I understand where you are. I have been in a similar situation. 
The thing is this has nothing to do with her and everything to do with you.

You have a picture of what everything should look like and how you want it to be. You have invested yourself in being the good guy who would do anything for his wife. The thing is that no matter what you do for her it will never help. 

What you need to do is start working on yourself. There are things that will happen if you really get into this work deeply. You will eventually lose having expectations of other people. You will learn to communicate from your heart and not worry too much about the results. When you get to know yourself and you are confident in yourself, your love for her will show. And if she stays with you or not, you will still love her.

The thing is this is not a needy love or a wanting love, it is unconditional love. You cannot get there unless you do the work on yourself. This is not easy. 

If she is cheating or not, how you feel about it has everything to do with just you.
It is an experience that is there to help you grow. How you look at it is your choice.
There are people that could accept it and live with it, there are people who would get angry and get out of the relationship.
There would be people who have a reaction from one extreme to the other. So you have the choice to figure out how you will do it.
You can come at it with love and understanding or with anger and the feeling of betrayal. It is all your choice. 
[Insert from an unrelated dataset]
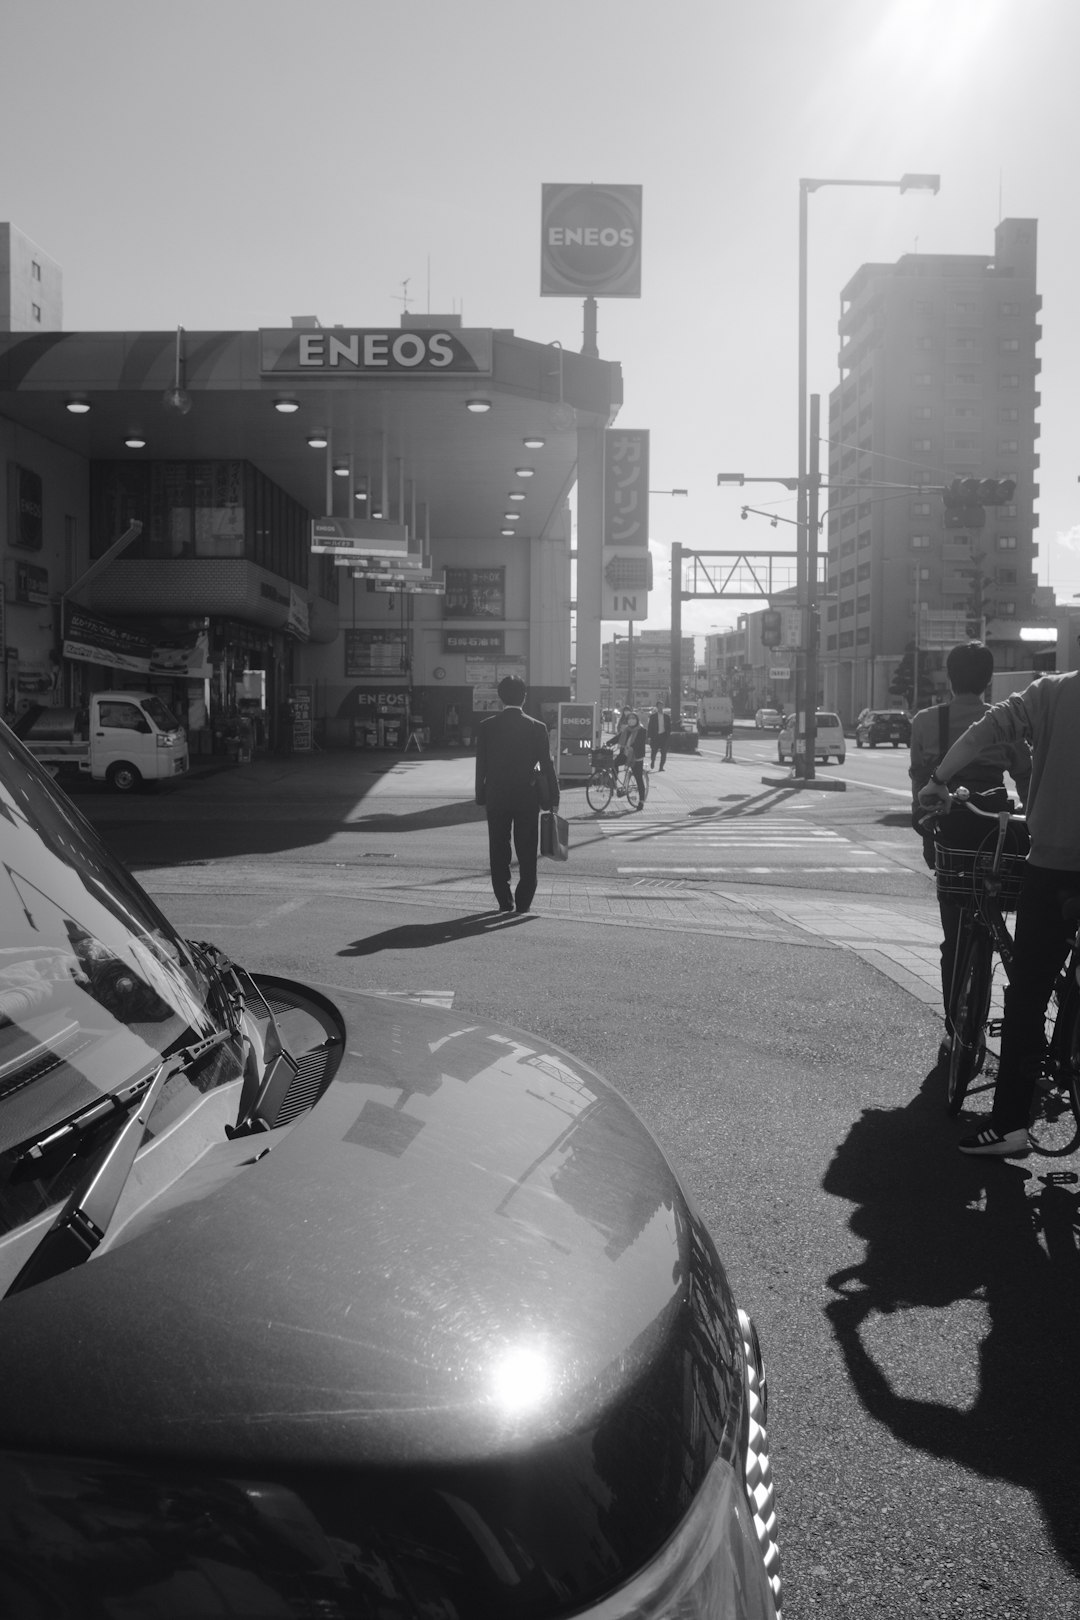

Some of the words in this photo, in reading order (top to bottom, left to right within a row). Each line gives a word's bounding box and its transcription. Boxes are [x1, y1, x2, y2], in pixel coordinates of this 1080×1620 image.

Society tells us to react this way or that way. But this is an individual choice.
Honest wholehearted conversations are very difficult in this society but it is where we often find the most peace. 

Don't attach yourself to outcomes. Attach yourself to finding the truth about yourself. 

It is those who chose to really get to know their true selves that become healthier and understand that they are responsible for how they perceive everything that happens in their life.
Is the weather good or bad? Neither it is just the weather.
Is someone having an affair outside your relationship good or bad? No, it just is. It is how you want to be in that situation that matters.
Everything that happens in your life happens for you. For you to grow and change.
Again, that is your choice. 

What I had to do was to find someone that could guide me through that process. I had to go through a total change in my belief structure and how I related myself to the world. 
I now am able to help people who really want to change go through this process. 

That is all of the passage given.